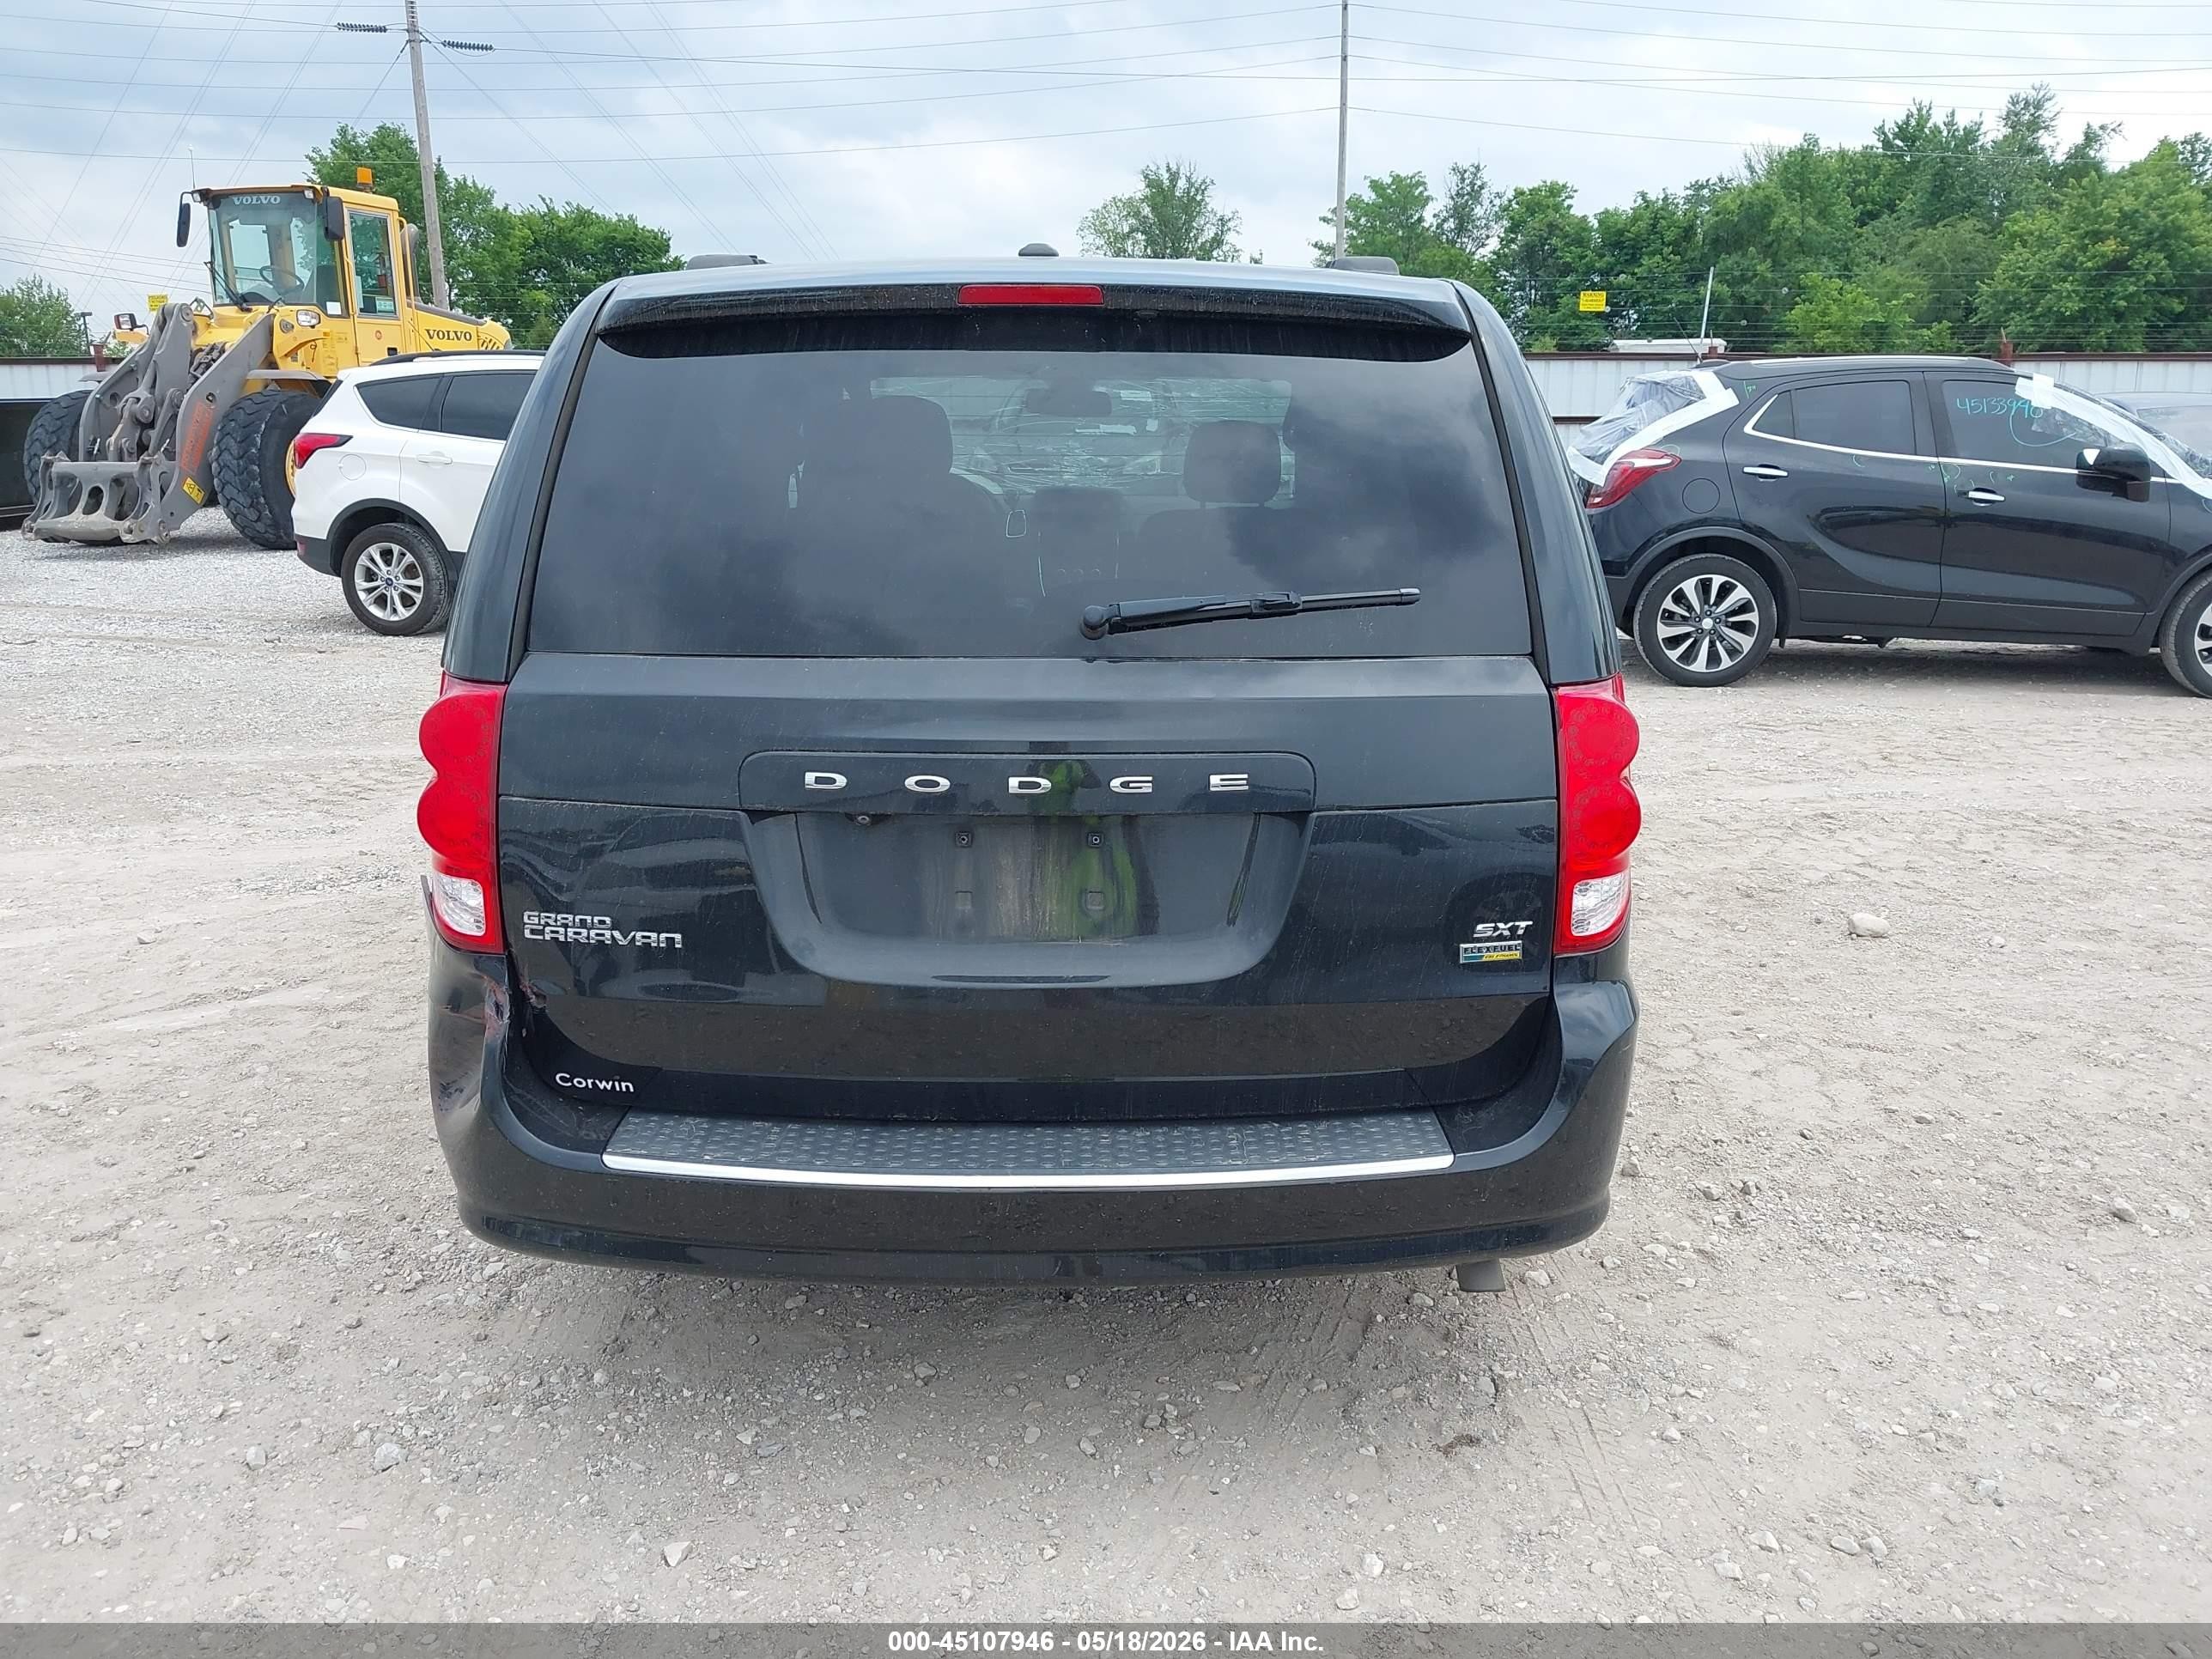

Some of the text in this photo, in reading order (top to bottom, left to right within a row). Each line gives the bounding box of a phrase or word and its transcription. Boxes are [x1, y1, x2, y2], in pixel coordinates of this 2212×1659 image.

[233, 195, 281, 205] VOLVO
[425, 329, 472, 342] VOLVO
[805, 771, 1249, 794] DODGE
[523, 911, 612, 929] GRAND
[524, 925, 683, 949] CARAVAN
[1473, 921, 1534, 938] SXT
[555, 1073, 635, 1092] Corwin
★ ★ ★ ★ ★
About this task: Give every entry again as it is, dropping its pictures.

Answer to this problem:
Some of the text in this photo, in reading order (top to bottom, left to right within a row). Each line gives the bounding box of a phrase or word and its transcription. Boxes are [x1, y1, x2, y2], in pixel coordinates of this 2212×1659 image.

[233, 195, 281, 205] VOLVO
[425, 329, 472, 342] VOLVO
[805, 771, 1249, 794] DODGE
[523, 911, 612, 929] GRAND
[524, 925, 683, 949] CARAVAN
[1473, 921, 1534, 938] SXT
[555, 1073, 635, 1092] Corwin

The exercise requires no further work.